As for the phone not hanging up, I'd say there is enough resistance in the circuit that's holding the line open.
I'd check for a capacitor or a connection to a component that will hold the line even after you return the receiver.

Do you have this problem if you disconnect the line from the phone and reconnect the phone again?

If so that's the issue, there is a component that's giving resistance and is holding the line.
KEN

scottfannin

We're working on it.  It does hang up if I just plain disconnect L1 and L2.  I found an interesting complication that some of the "new old" wires used aren't so reliable.  One can be made to be continuous or not by moving it around gently with alligator clip tester leads on both ends.  The wire was a gift, which I appreciate, but it fails continuity checking once it's been bent a few times.  My plan is this weekend to test using "vintage guitar" wire samples that should arrive tomorrow and see if that provides something that looks authentic but handles being stuffed into a ringer-box-sized phone box and dressed harshly around a big magneto better.  Or it might be horrible tinsel that spits glitter when trimmed, who knows?  Meanwhile this concept that capacitance, resistance, and the overall circuit affect the local exchange (or whatever passes for one now) recognizing the hangup is new but makes a lot of sense to me.  I had kind of thought that you push the switch and it either connects or it does not.  I am definitely still trying to understand the phone circuit and though it's obviously simple I do not yet understand it properly.  I can make one work, but it has an element of voodoo to it still.  Like I imitate the diagram from somewhere and then it works but I couldn't do it from scratch yet.  So what is it that needs to change for the other end to think it's a real disconnection?

poplar1

Does the ringer autoswitch, when the generator is not operating, connect C1 to L1, and B1 to L2?

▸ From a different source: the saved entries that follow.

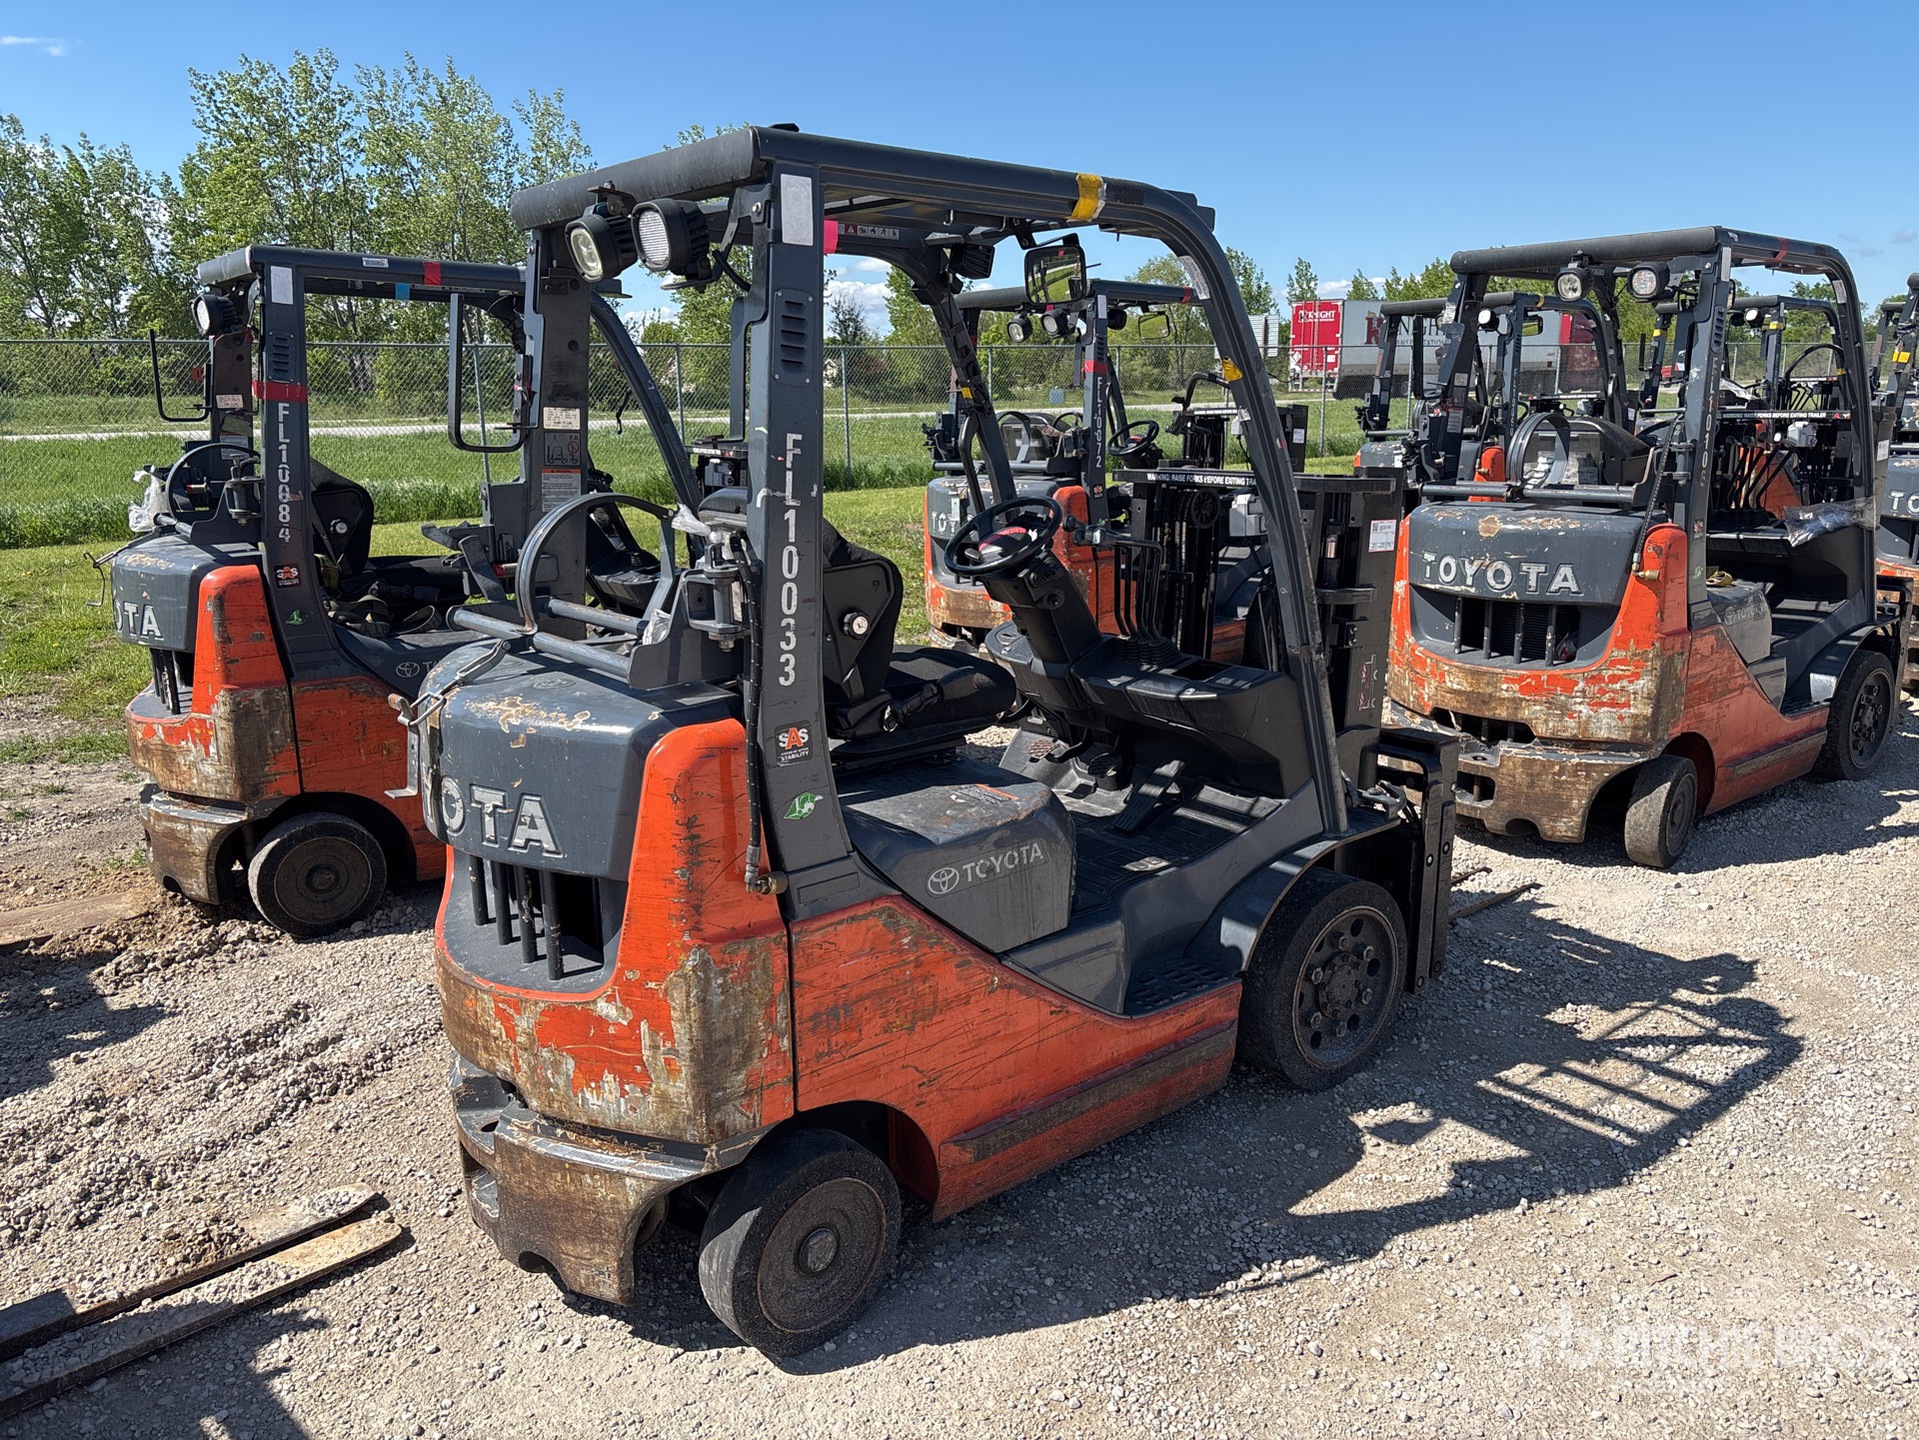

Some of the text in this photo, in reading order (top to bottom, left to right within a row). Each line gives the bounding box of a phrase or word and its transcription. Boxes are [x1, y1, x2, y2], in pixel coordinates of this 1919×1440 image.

[1172, 475, 1186, 483] RAISE
[1225, 478, 1245, 486] EXITING
[778, 433, 803, 688] FL10033
[1423, 551, 1584, 597] TOYOTA
[778, 727, 809, 750] SAS
[962, 842, 1044, 882] TOYOTA
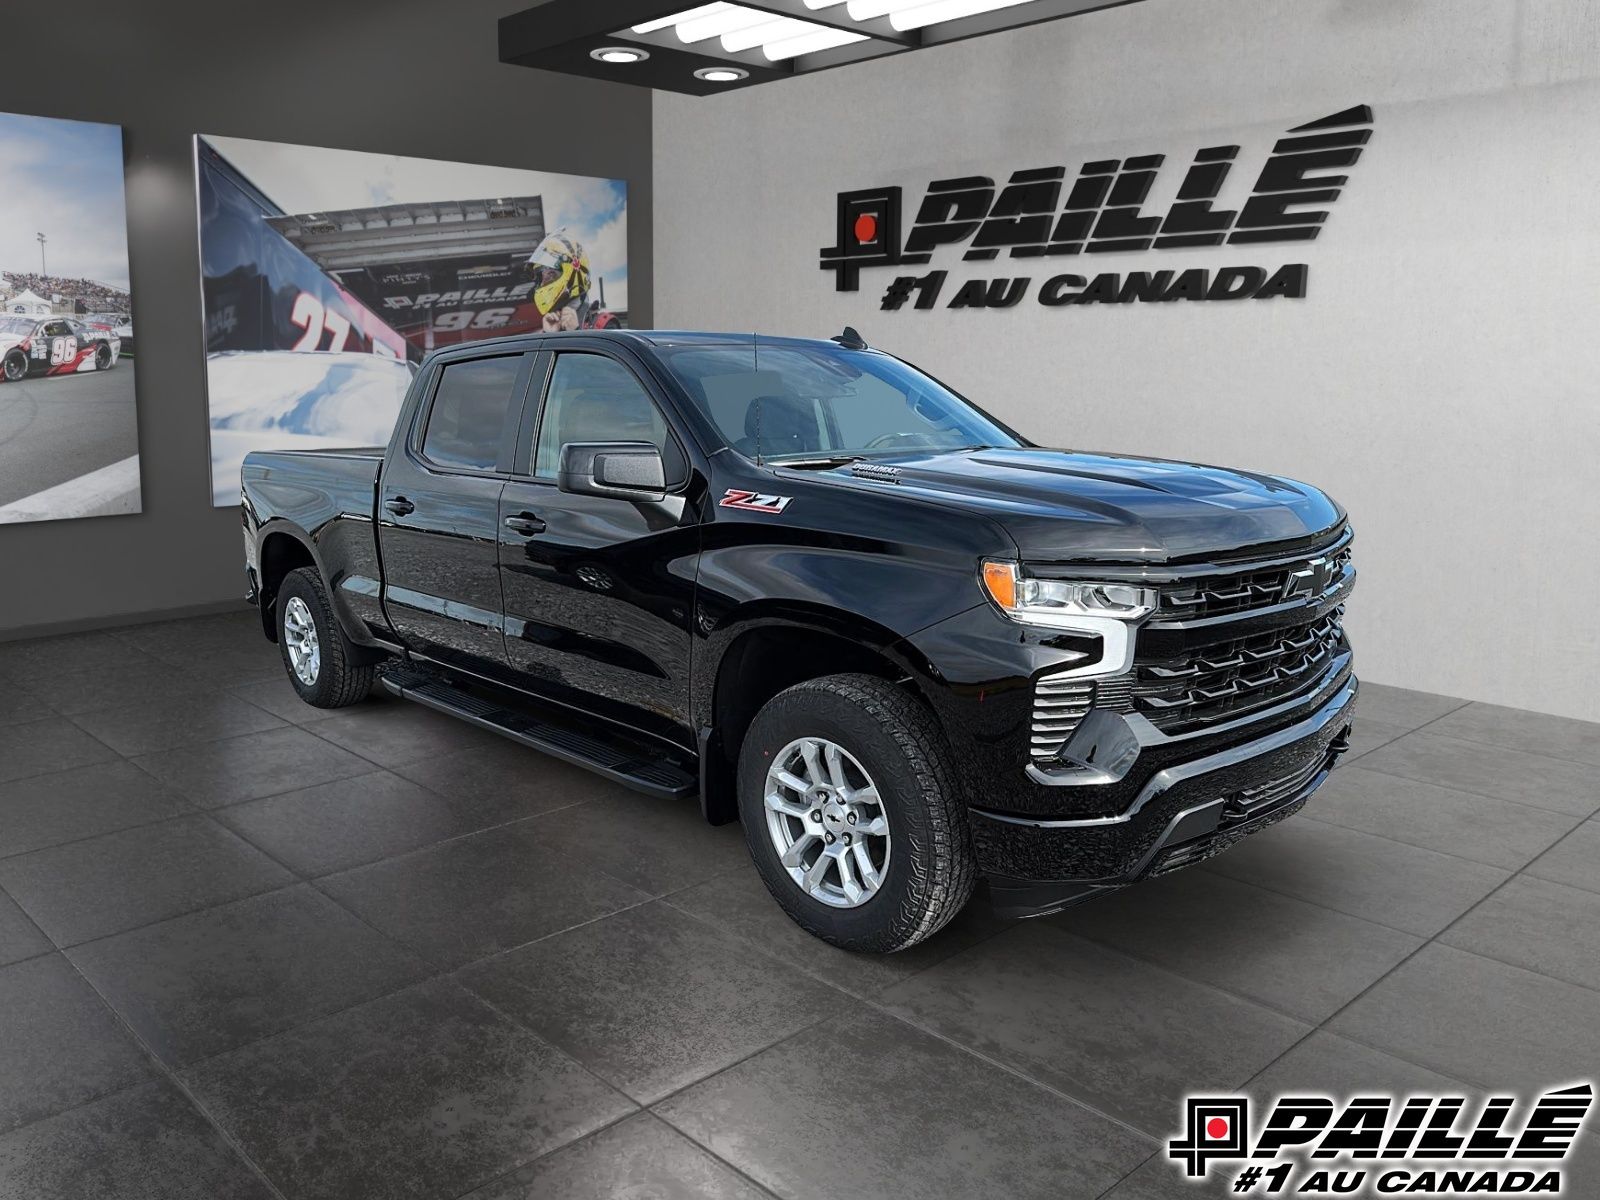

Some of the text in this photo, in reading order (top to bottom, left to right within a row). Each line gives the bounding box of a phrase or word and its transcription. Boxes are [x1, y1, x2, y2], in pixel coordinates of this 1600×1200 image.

If so, the ringer is connected directly to L1 and L2, without the benefit of a capacitor in series. This will probably keep the line off hook all the time (or, at least, trip ring then keep it off hook, on an incoming call). (Assuming the line is connected to L1 and L2?)

B2 ringer terminal connects to L1. B1 ringer terminal connects through closed contact in autoswitch to L2.
"C'est pas une restauration, c'est une rénovation."--François Martin.

scottfannin

You're right, it did show continuity between the NC terminals of the relay, which of course had L1 and L2 connected to them (duh).  So that means L1 and L2 were connected to the bells routed around the ringer capacitor no matter what.  BUT, I tried a different circuit and it didn't seem to work, plus it seems to allow connection of the magneto to the L1 and L2 phone lines, which the switch was meant to prevent, to avoid frying the broadband modem.  Here is an updated drawing, I'm sure there is some kind of arrangement that can work but so far playing around with it hasn't found one.

scottfannin

Newest attempt.  Should it work?  So far it does not, but I wonder whether that is not figuring it out yet or (hopefully?) some mistake in my eyesight/fingers.

poplar1

"C'est pas une restauration, c'est une rénovation."--François Martin.

scottfannin

Sadly had to focus on the day job for a bit....  I should perhaps have used "HS" for the switch.  H1 and H2 are the two independent switches in the hook switch.  As is before I took it apart, the middle ones had a jumper between them, making it connect 4 wires at once.  That didn't seem to fit the circuit for modern common battery so I removed the jumper.